Ninja Piggy’s Wallet Defense: Tactic #2

In order to be a Ninja Piggy for your finances you need to be the master of your Expenses

Businesses have created very advanced methods to take as much money from you as possible through clever marketing which uses psychology to trick your brain into paying more.  Corporations spend billions of dollars each year at finding new ways to entice you into spending more and their methods continue to get better.

There is a way to defend yourself from the advanced marketing tactics. It requires discipline and a different way of thinking. Below is a common marketing trap that can wipe out your ability to save, along with some helpful tips on how to avoid.

Tactic Two:  Protect against the Recurring Poke

Every purchase you make can be categorized as either a one time purchase or a recurring purchase (subscription).

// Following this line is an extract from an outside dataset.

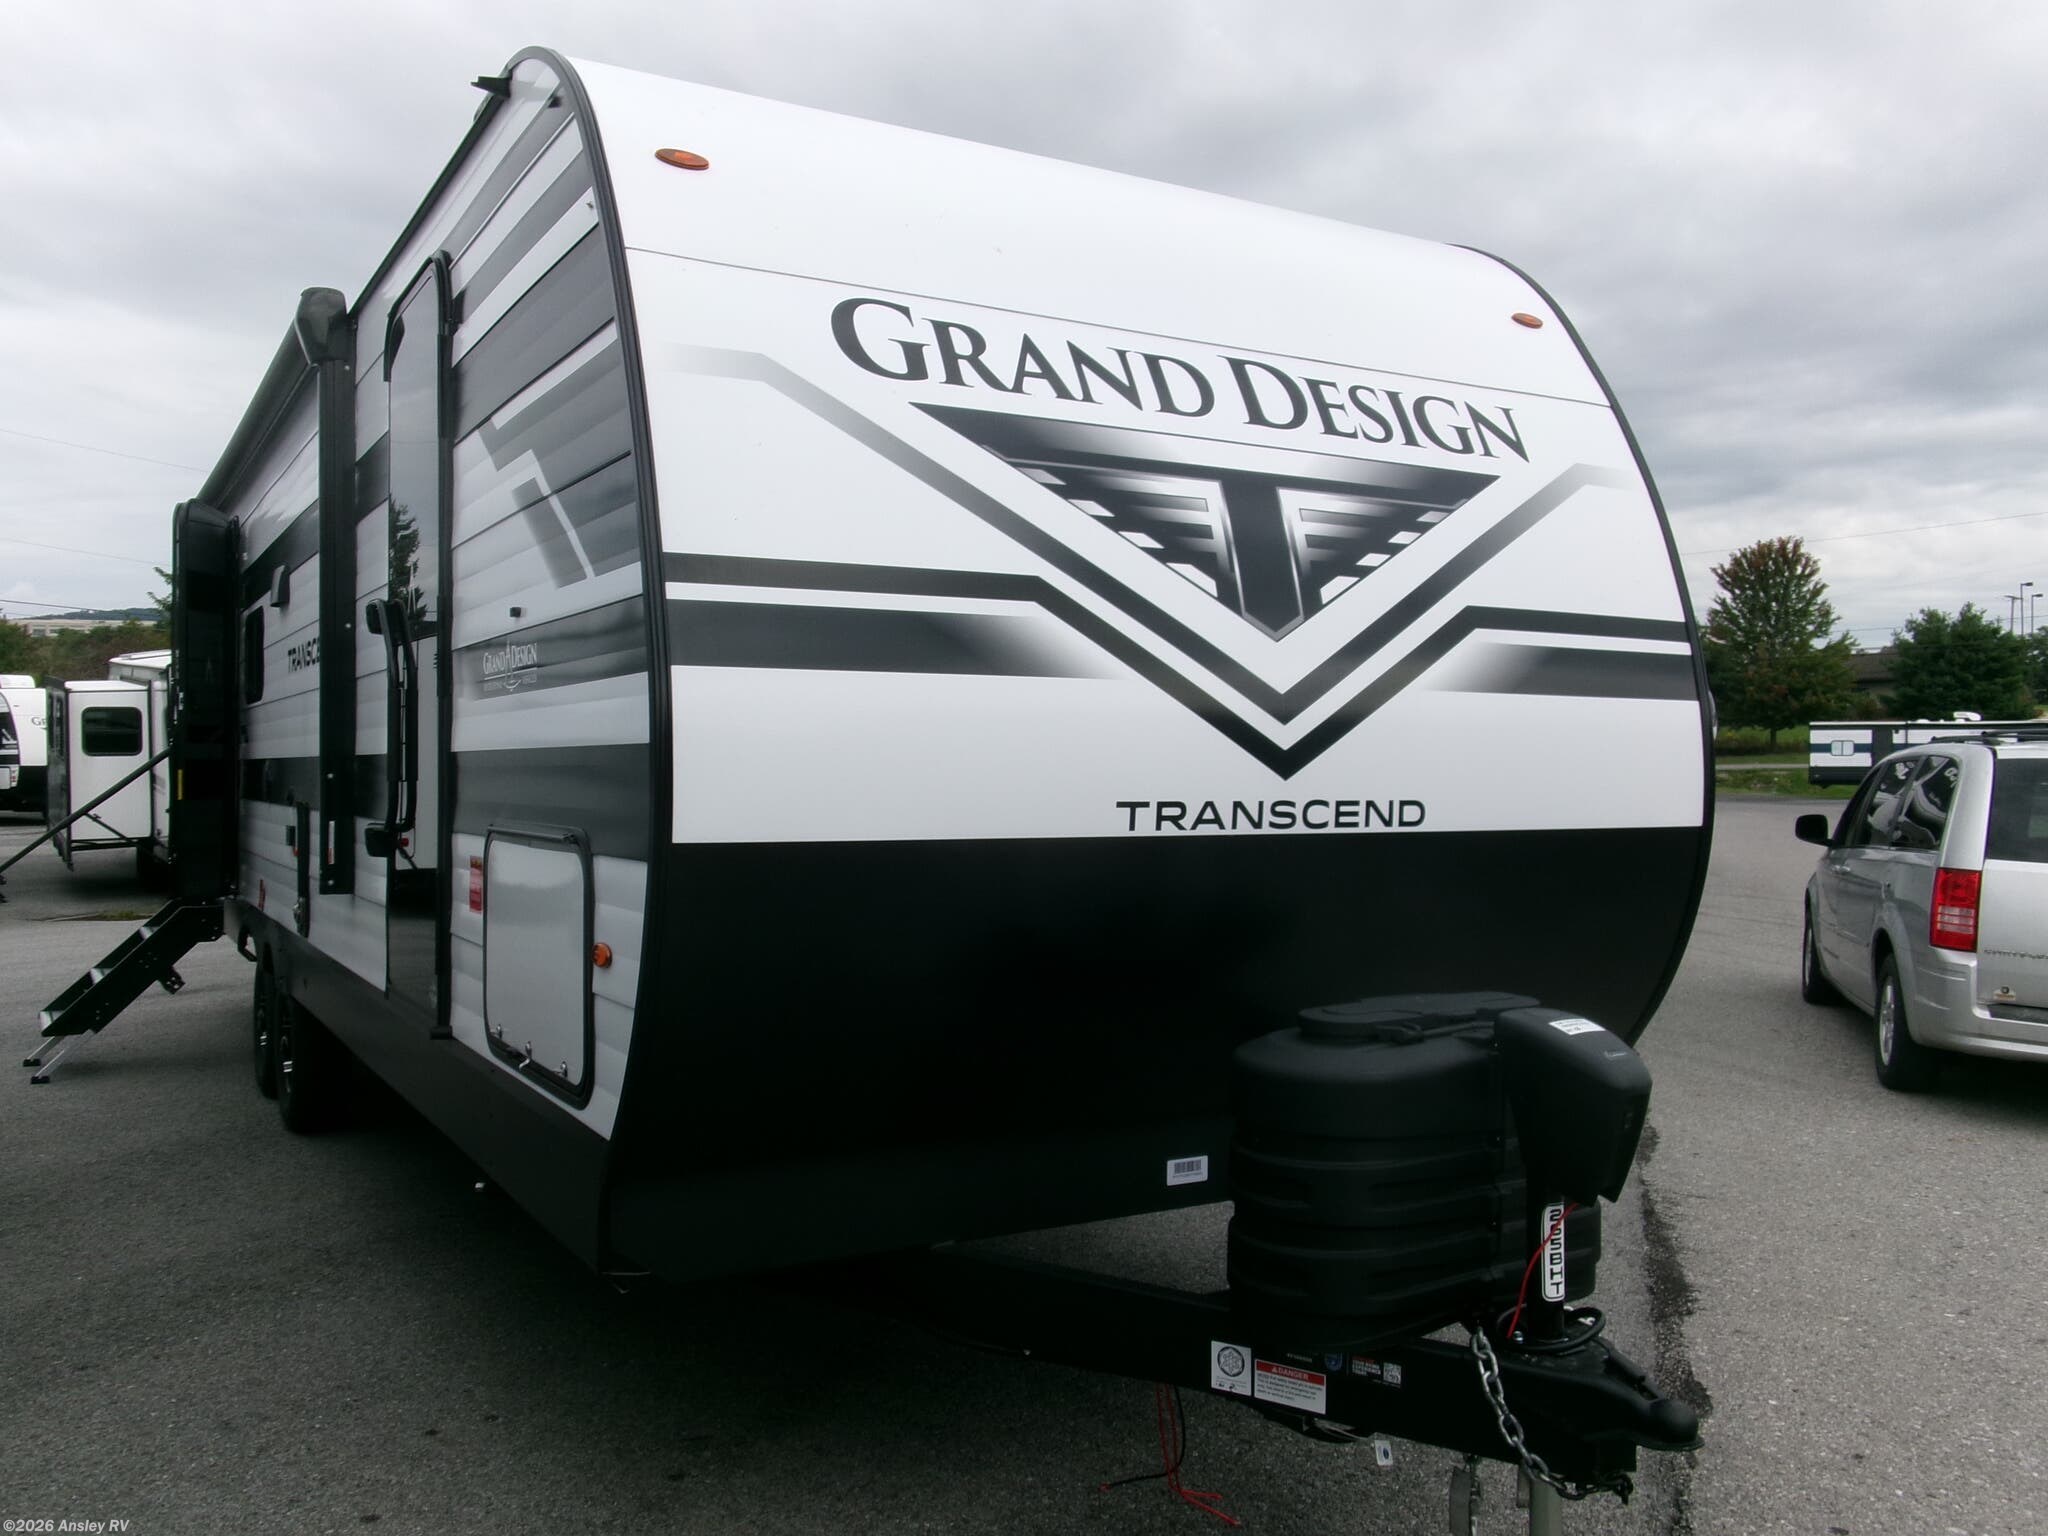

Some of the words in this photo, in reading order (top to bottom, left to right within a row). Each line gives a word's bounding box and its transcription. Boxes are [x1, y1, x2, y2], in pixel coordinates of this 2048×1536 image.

One time purchase:  When you go to Safeway and buy groceries your payment at checkout is a “one time purchase”  There is nothing further expected between you and Safeway; although you will most likely come in again next week and buy a different mix of groceries.  Don’t get confused on terminology, revisiting a place multiple time still represents a one-time purchase each time.  The key characteristic of a one-time purchase is you have to make a conscious purchase decision each time.

Recurring purchase:    When you watch a movie on Netflix, you are doing this through an account with an active subscription.  This subscription is a “recurring purchase” where Netflix charges you about $9 a month for access to streaming all of their movies.  Netflix will continue to charge you this amount until you cancel your subscription.  The key characteristic of a subscription is the recurring purchase does not require a conscious decision.

Corporations are working very hard to sell you a recurring purchase vs. just a one time purchase because it leads to you spending more.  Automatic recurring every month is great for accumulating savings but not for your purchasing.

As the internet and mobile connectivity continue to advance, more and more companies are attempting to sell you a recurring purchase.  

Let’s use music for example. Less than twenty years ago, if you wanted to listen to the new tracks of summer you’d have to go buy a CD to listen to your music.  You’d pay $10 for the CD and you’d own it for the rest of your life.  As internet speeds and devices advanced music buying moved online, which initially resembled the same one time purchase model as the CD.  However, with further advances in technology the subscription model for music is now becoming the norm, where for $10/month you can listen to anything but you own nothing.  It’s hard to compare unlimited monthly subscription access vs. buying but let’s put it this way over a ten year period:

  1. Single Purchase, Ten Year Cost $500:  purchase 5 new digital albums a year; you will always own unlimited rights to your 50 albums
  2. Subscription, Ten Year Cost $1,200:  unlimited access to all of your favorite music; own nothing at the end.  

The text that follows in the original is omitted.